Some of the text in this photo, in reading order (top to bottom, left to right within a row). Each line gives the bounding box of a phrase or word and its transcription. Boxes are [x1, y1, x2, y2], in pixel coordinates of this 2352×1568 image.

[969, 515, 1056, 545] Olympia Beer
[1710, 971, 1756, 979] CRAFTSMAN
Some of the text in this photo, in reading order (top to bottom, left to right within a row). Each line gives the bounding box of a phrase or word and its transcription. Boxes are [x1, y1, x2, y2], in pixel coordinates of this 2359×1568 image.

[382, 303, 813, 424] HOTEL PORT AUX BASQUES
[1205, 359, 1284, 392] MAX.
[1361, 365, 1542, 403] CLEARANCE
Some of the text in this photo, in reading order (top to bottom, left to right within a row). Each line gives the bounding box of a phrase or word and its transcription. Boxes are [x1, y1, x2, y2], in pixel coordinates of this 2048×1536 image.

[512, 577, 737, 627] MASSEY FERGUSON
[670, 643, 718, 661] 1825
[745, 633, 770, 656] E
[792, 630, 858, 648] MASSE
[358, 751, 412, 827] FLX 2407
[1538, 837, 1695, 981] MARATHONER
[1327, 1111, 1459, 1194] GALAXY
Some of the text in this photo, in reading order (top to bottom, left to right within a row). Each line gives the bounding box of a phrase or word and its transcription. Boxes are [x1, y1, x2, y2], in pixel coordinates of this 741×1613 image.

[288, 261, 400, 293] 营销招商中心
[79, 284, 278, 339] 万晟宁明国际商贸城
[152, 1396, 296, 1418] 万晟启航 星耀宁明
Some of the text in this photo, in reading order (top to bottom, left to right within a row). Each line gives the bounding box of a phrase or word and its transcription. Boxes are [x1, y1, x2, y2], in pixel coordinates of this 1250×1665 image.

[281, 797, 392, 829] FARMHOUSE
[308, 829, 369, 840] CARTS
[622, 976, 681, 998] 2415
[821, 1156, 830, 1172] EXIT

- AIM OF THE TASK -
Write the entries out a second time. Match them exactly.

- RESULT OF THIS EXERCISE -
Some of the text in this photo, in reading order (top to bottom, left to right within a row). Each line gives the bounding box of a phrase or word and its transcription. Boxes are [x1, y1, x2, y2], in pixel coordinates of this 2352×1568 image.

[969, 515, 1056, 545] Olympia Beer
[1710, 971, 1756, 979] CRAFTSMAN
Some of the text in this photo, in reading order (top to bottom, left to right within a row). Each line gives the bounding box of a phrase or word and its transcription. Boxes are [x1, y1, x2, y2], in pixel coordinates of this 2359×1568 image.

[382, 303, 813, 424] HOTEL PORT AUX BASQUES
[1205, 359, 1284, 392] MAX.
[1361, 365, 1542, 403] CLEARANCE
Some of the text in this photo, in reading order (top to bottom, left to right within a row). Each line gives the bounding box of a phrase or word and its transcription. Boxes are [x1, y1, x2, y2], in pixel coordinates of this 2048×1536 image.

[512, 577, 737, 627] MASSEY FERGUSON
[670, 643, 718, 661] 1825
[745, 633, 770, 656] E
[792, 630, 858, 648] MASSE
[358, 751, 412, 827] FLX 2407
[1538, 837, 1695, 981] MARATHONER
[1327, 1111, 1459, 1194] GALAXY
Some of the text in this photo, in reading order (top to bottom, left to right within a row). Each line gives the bounding box of a phrase or word and its transcription. Boxes are [x1, y1, x2, y2], in pixel coordinates of this 741×1613 image.

[288, 261, 400, 293] 营销招商中心
[79, 284, 278, 339] 万晟宁明国际商贸城
[152, 1396, 296, 1418] 万晟启航 星耀宁明
Some of the text in this photo, in reading order (top to bottom, left to right within a row). Each line gives the bounding box of a phrase or word and its transcription. Boxes are [x1, y1, x2, y2], in pixel coordinates of this 1250×1665 image.

[281, 797, 392, 829] FARMHOUSE
[308, 829, 369, 840] CARTS
[622, 976, 681, 998] 2415
[821, 1156, 830, 1172] EXIT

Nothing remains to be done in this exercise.